A gauge of Australian manufacturing slumped in July as a decline in the currency and earlier interest-rate cuts failed to boost exports and local demand.
The manufacturing index dropped 7.6 points to 42 last month, the biggest decline since April, the Australian Industry Group said in a survey released today. The last reading above 50, the divide between expansion and contraction, was in February 2012.
The Australian dollar dropped below 90 U.S. cents this week and slumped 12 percent in the second quarter, after holding above $1 from mid-June last year to May 9, the longest stretch above parity since it was freely floated in 1983. While the Reserve Bank of Australia left rates unchanged at a record-low 2.75 percent for the past two meetings, investors are pricing in a 91 percent chance of a reduction next week.

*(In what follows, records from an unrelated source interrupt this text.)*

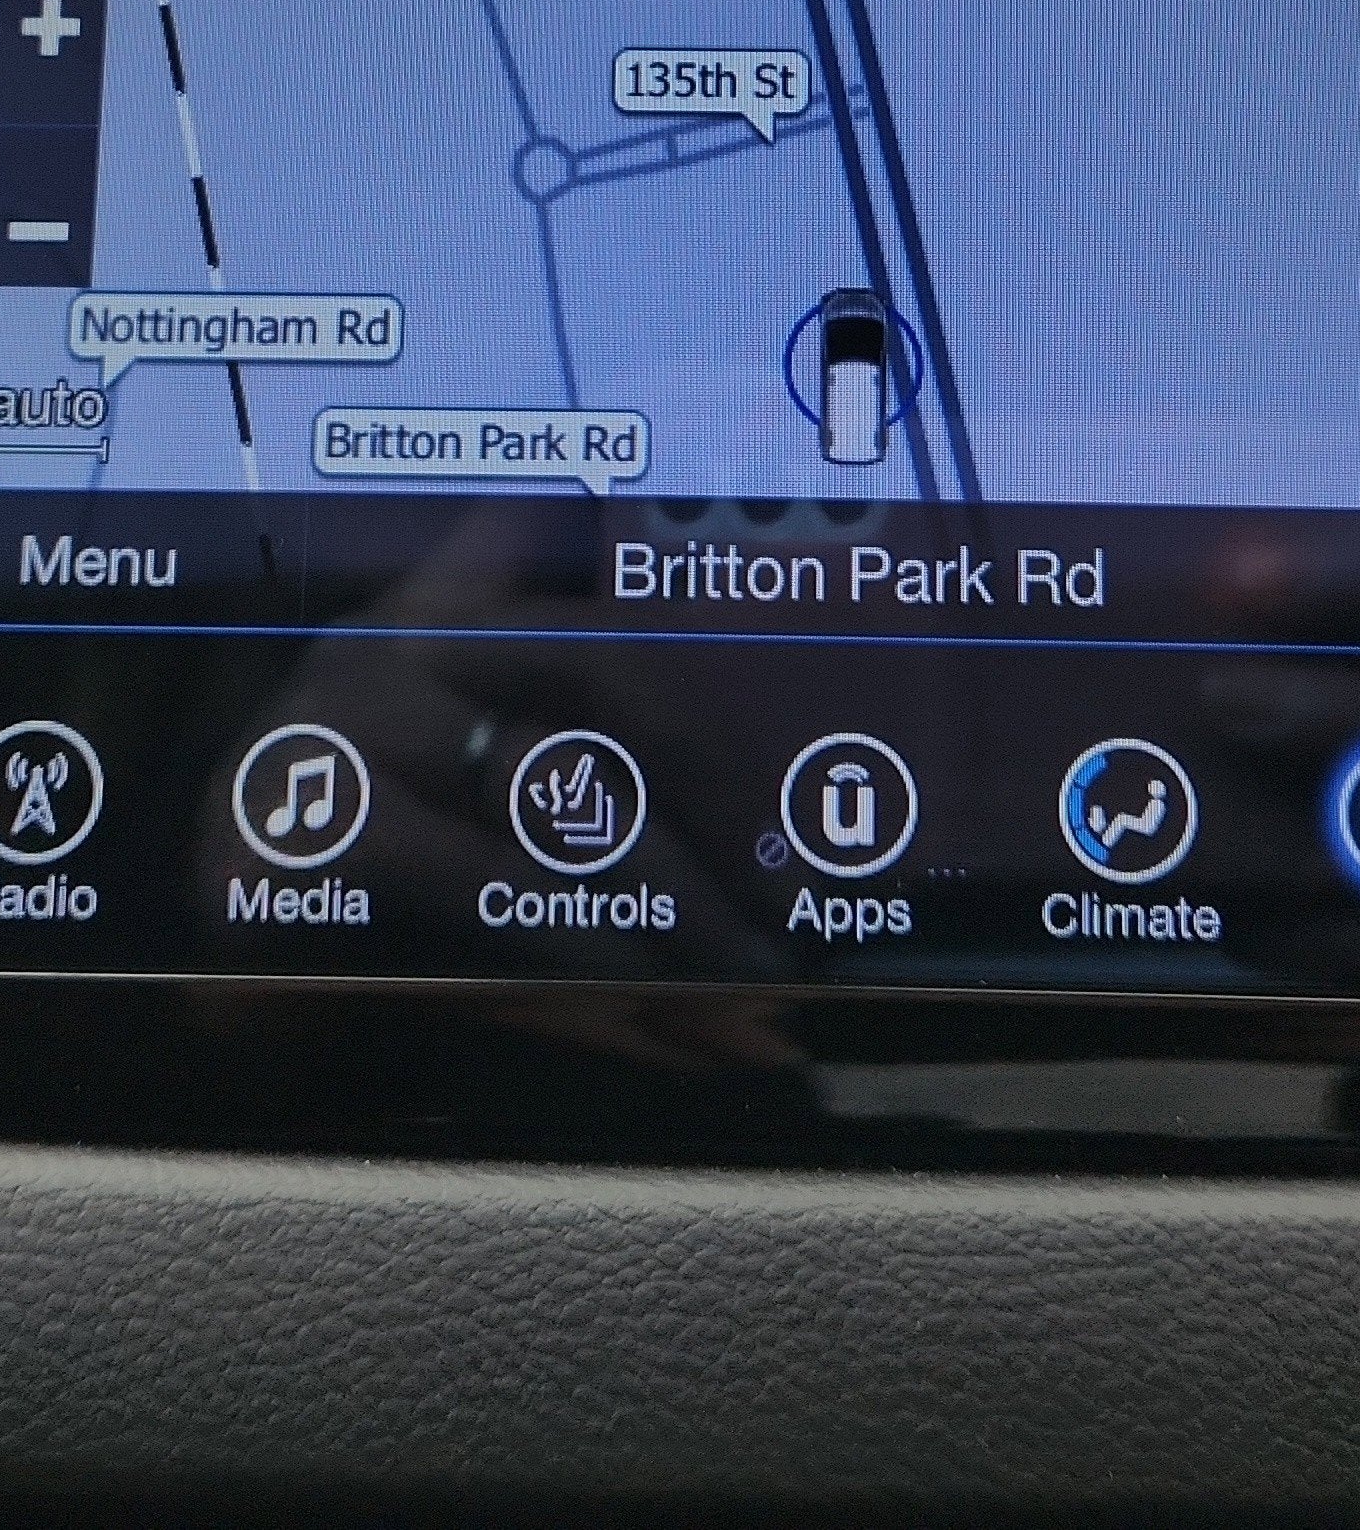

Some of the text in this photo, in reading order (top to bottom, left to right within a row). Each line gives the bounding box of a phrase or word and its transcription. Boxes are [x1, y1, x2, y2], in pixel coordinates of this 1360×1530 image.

[627, 61, 795, 100] 135th St
[81, 306, 390, 353] Nottingham Rd
[325, 421, 636, 462] Britton Park Rd
[20, 534, 177, 587] Menu
[614, 540, 1104, 607] Britton Park Rd
[227, 877, 371, 924] Media
[478, 881, 676, 929] Controls
[786, 887, 912, 943] Apps
[1041, 892, 1221, 940] Climate

“Manufacturers are telling us that, while the fall in the Australian dollar and the May interest rate cut have been extremely welcome, they have not yet been enough to turn around a very challenging business environment, locally and internationally,” Innes Willox, AIG’s chief executive officer, said in a statement. “In fact, the drop in the currency has fueled higher prices for imported inputs without any real corresponding improvement in stronger exports into what remain fiercely competitive markets.”

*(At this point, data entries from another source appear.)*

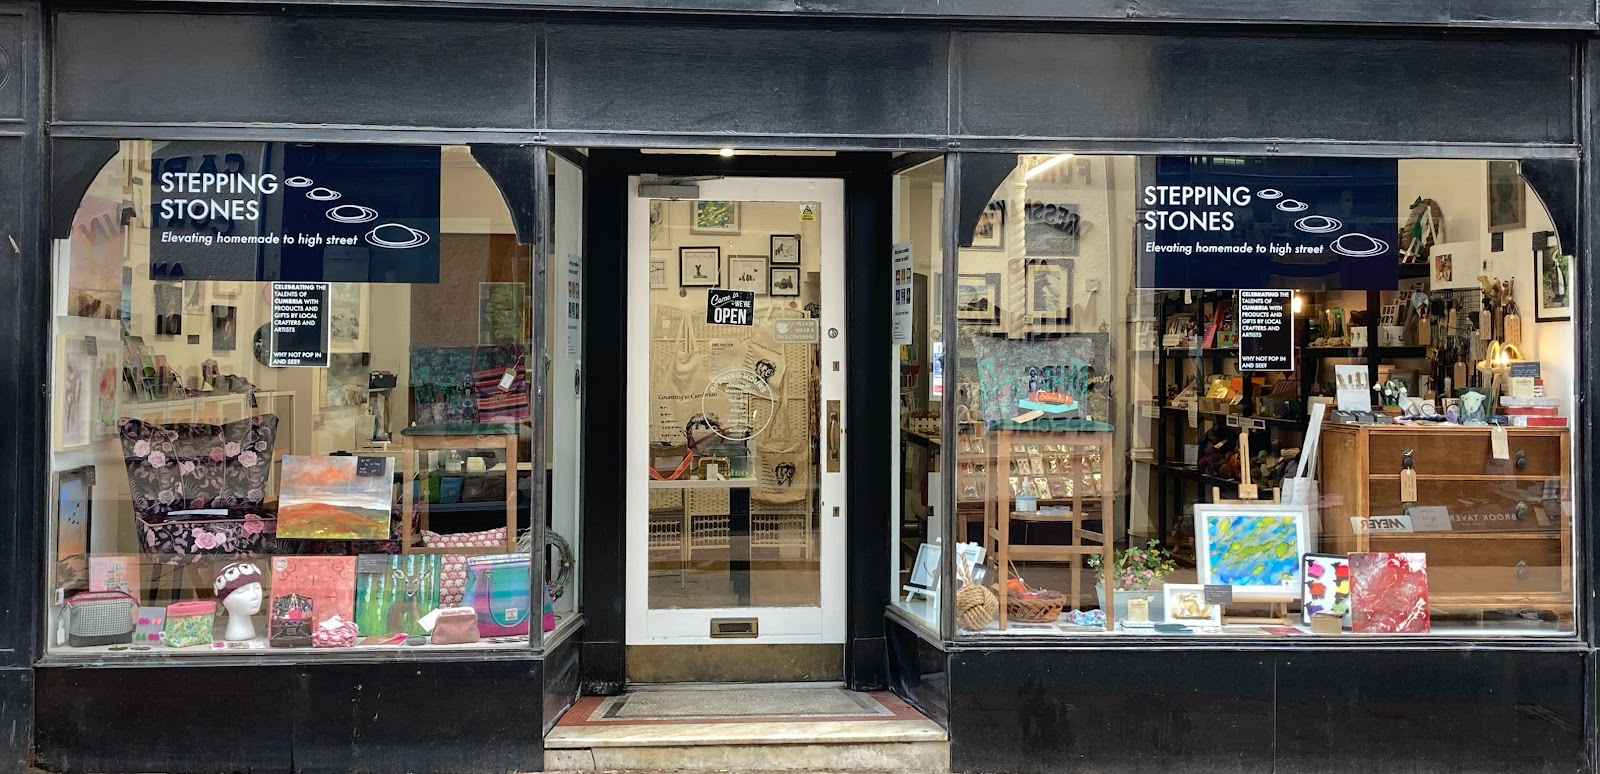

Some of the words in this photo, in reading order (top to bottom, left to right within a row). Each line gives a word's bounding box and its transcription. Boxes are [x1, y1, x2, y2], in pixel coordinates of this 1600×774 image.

[160, 171, 278, 196] STEPPING
[1143, 185, 1251, 207] STEPPING
[160, 198, 260, 222] STONES
[1143, 210, 1234, 232] STONES
[161, 231, 213, 247] Elevating
[216, 231, 280, 246] homemade
[283, 232, 293, 246] to
[297, 231, 323, 248] high
[326, 233, 358, 247] street
[1145, 241, 1192, 256] Elevating
[1195, 241, 1253, 254] homemade
[1256, 243, 1267, 254] to
[1269, 242, 1291, 257] high
[1295, 243, 1324, 255] street
[711, 294, 731, 306] Come
[735, 300, 751, 308] WE'RE
[715, 307, 747, 325] OPEN
[710, 372, 742, 392] OPENING
[743, 373, 765, 393] HOURS
[658, 394, 684, 402] Counting
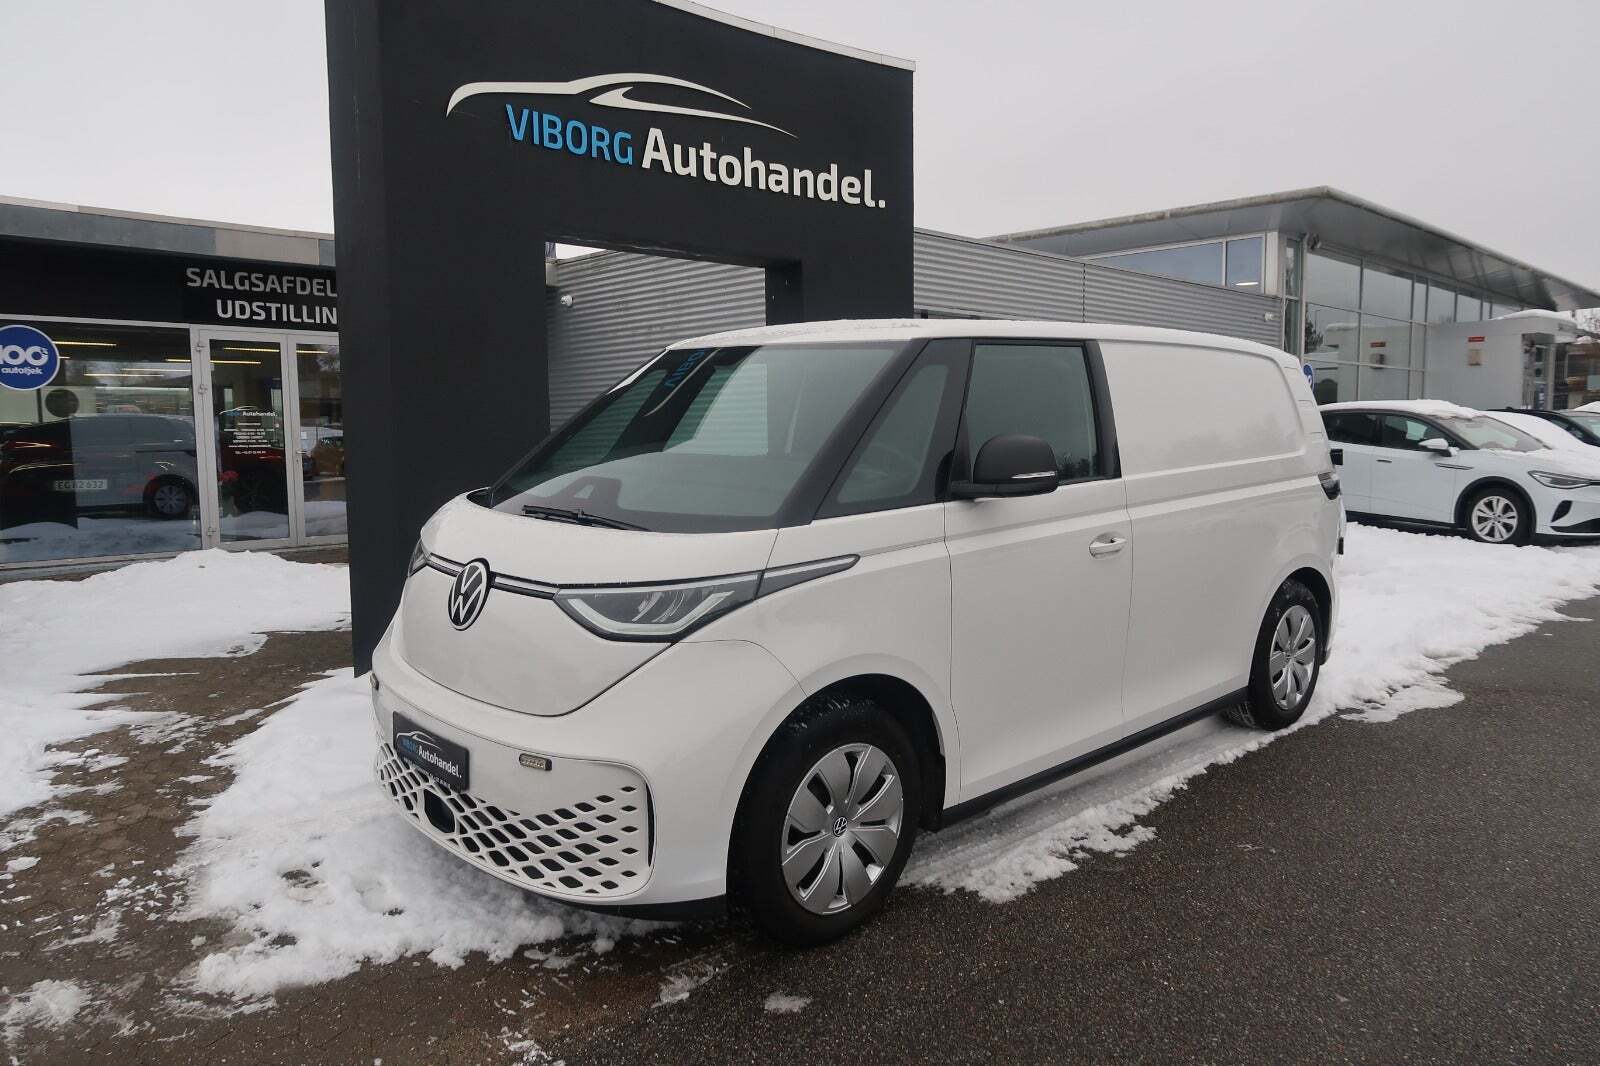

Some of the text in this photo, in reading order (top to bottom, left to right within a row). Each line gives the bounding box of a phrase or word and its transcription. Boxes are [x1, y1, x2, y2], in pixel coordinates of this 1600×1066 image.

[505, 103, 886, 209] VIBORG Autohandel.
[185, 267, 338, 297] SALGSAFDEL
[216, 299, 338, 325] UDSTILLIN

The RBA has reduced rates by 2 percentage points since late 2012 and is aiming to rebalance the economy toward employment-intensive industries including residential construction as a mining investment boom wanes and China’s outlook remains clouded.
Governor Glenn Stevens, in a speech this week, said second-quarter inflation data suggests there’s still room to lower interest rates if required and that he wouldn’t be surprised if the currency dropped further. The RBA’s inflation targeting framework has sufficient flexibility and credibility to manage the impact on inflation of the falling Australian dollar, he said July 30.